In Memory: Tsujita Kyoji

Victor Borge famously said that ‘the shortest distance between two people is a smile’. Tsujita Kyoji, or Kyoji sensei as he was commonly known at the East Asia department of the Hebrew University, taught me that a smile is also the shortest distance between two people who may not necessarily have linguistic symmetry.

Kyoji sensei was my Japanese teacher for four years, during which I, like the rest of his students, quickly grew to love and respect him. He was an incredibly kind individual and a generous and patient teacher. And he was a true mensch, with his gentle sense of humour, his wide smile and that twinkle in his eyes. As a linguist himself, I remember his great enthusiasm and support when he found out that I’m studying Japanese as part of a structural linguistics course. I remember his gentle encouragement to learn Turkish for comparative purposes, and my complete awe at his understanding of Hebrew which of course far surpassed mine.
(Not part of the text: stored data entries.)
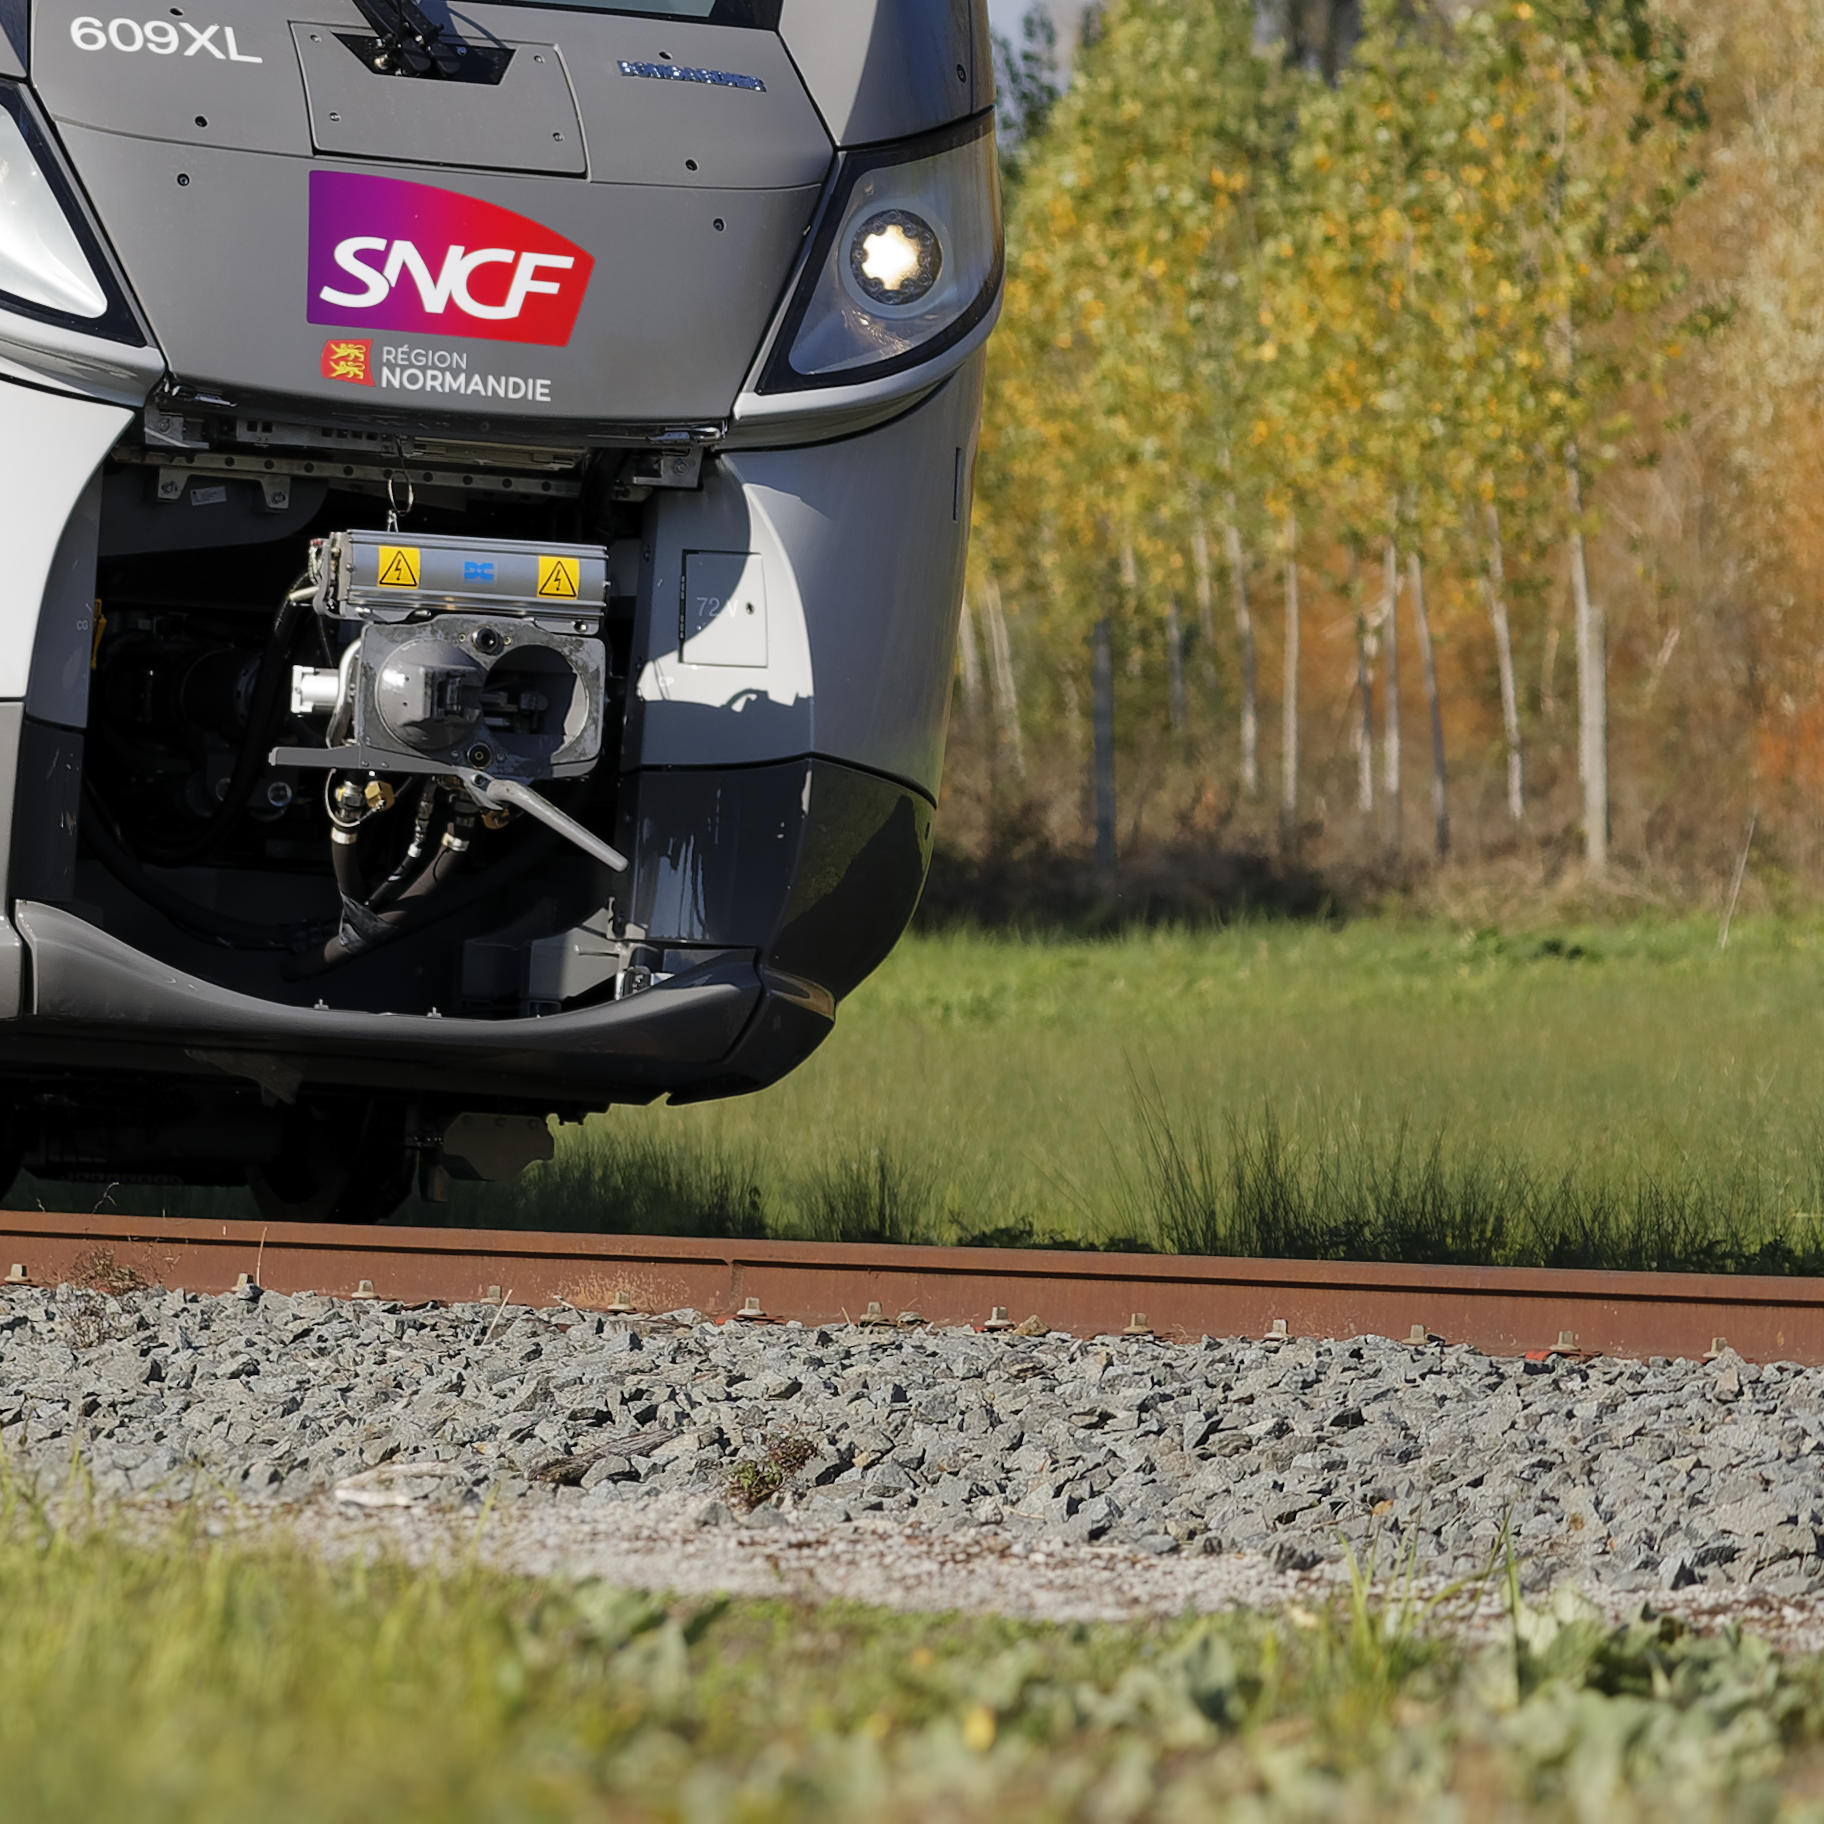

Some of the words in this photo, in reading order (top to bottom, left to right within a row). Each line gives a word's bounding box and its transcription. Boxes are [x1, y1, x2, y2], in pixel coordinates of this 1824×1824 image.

[70, 16, 263, 64] 609XL
[319, 236, 575, 320] SNCF
[382, 344, 467, 369] RÉGION
[381, 367, 551, 402] NORMANDIE
[696, 597, 720, 617] 72
Kyoji, together with his wife Mariko, who taught Japanese politics at the Hebrew University, opened their home and heart to us on many occasions. It seems to me incomprehensible that he is now gone forever. Whenever I think of or use what I sill remember of my Japanese, my thoughts often go back to him, and to the more profound and subtle lesson that he taught us; that is, that kindness and benevolence can transform even seemingly insurmountable tasks, including the learning of his seemingly impenetrably complex native language, into a gradually and safely realisable process. And that a smile is indeed the shortest distance between two people, in any language and outside it.

Kyoji sensei passed away early in the New Year. May he rest in peace.